The records below are to be duplicated exactly as they appear.
Exercise data START
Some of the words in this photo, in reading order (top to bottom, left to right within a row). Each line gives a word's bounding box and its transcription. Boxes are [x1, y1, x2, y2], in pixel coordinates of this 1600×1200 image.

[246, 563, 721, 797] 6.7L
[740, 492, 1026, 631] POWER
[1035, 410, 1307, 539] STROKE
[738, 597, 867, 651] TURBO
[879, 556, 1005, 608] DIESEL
Exercise data END
Exercise response ▸
Some of the words in this photo, in reading order (top to bottom, left to right within a row). Each line gives a word's bounding box and its transcription. Boxes are [x1, y1, x2, y2], in pixel coordinates of this 1600×1200 image.

[246, 563, 721, 797] 6.7L
[740, 492, 1026, 631] POWER
[1035, 410, 1307, 539] STROKE
[738, 597, 867, 651] TURBO
[879, 556, 1005, 608] DIESEL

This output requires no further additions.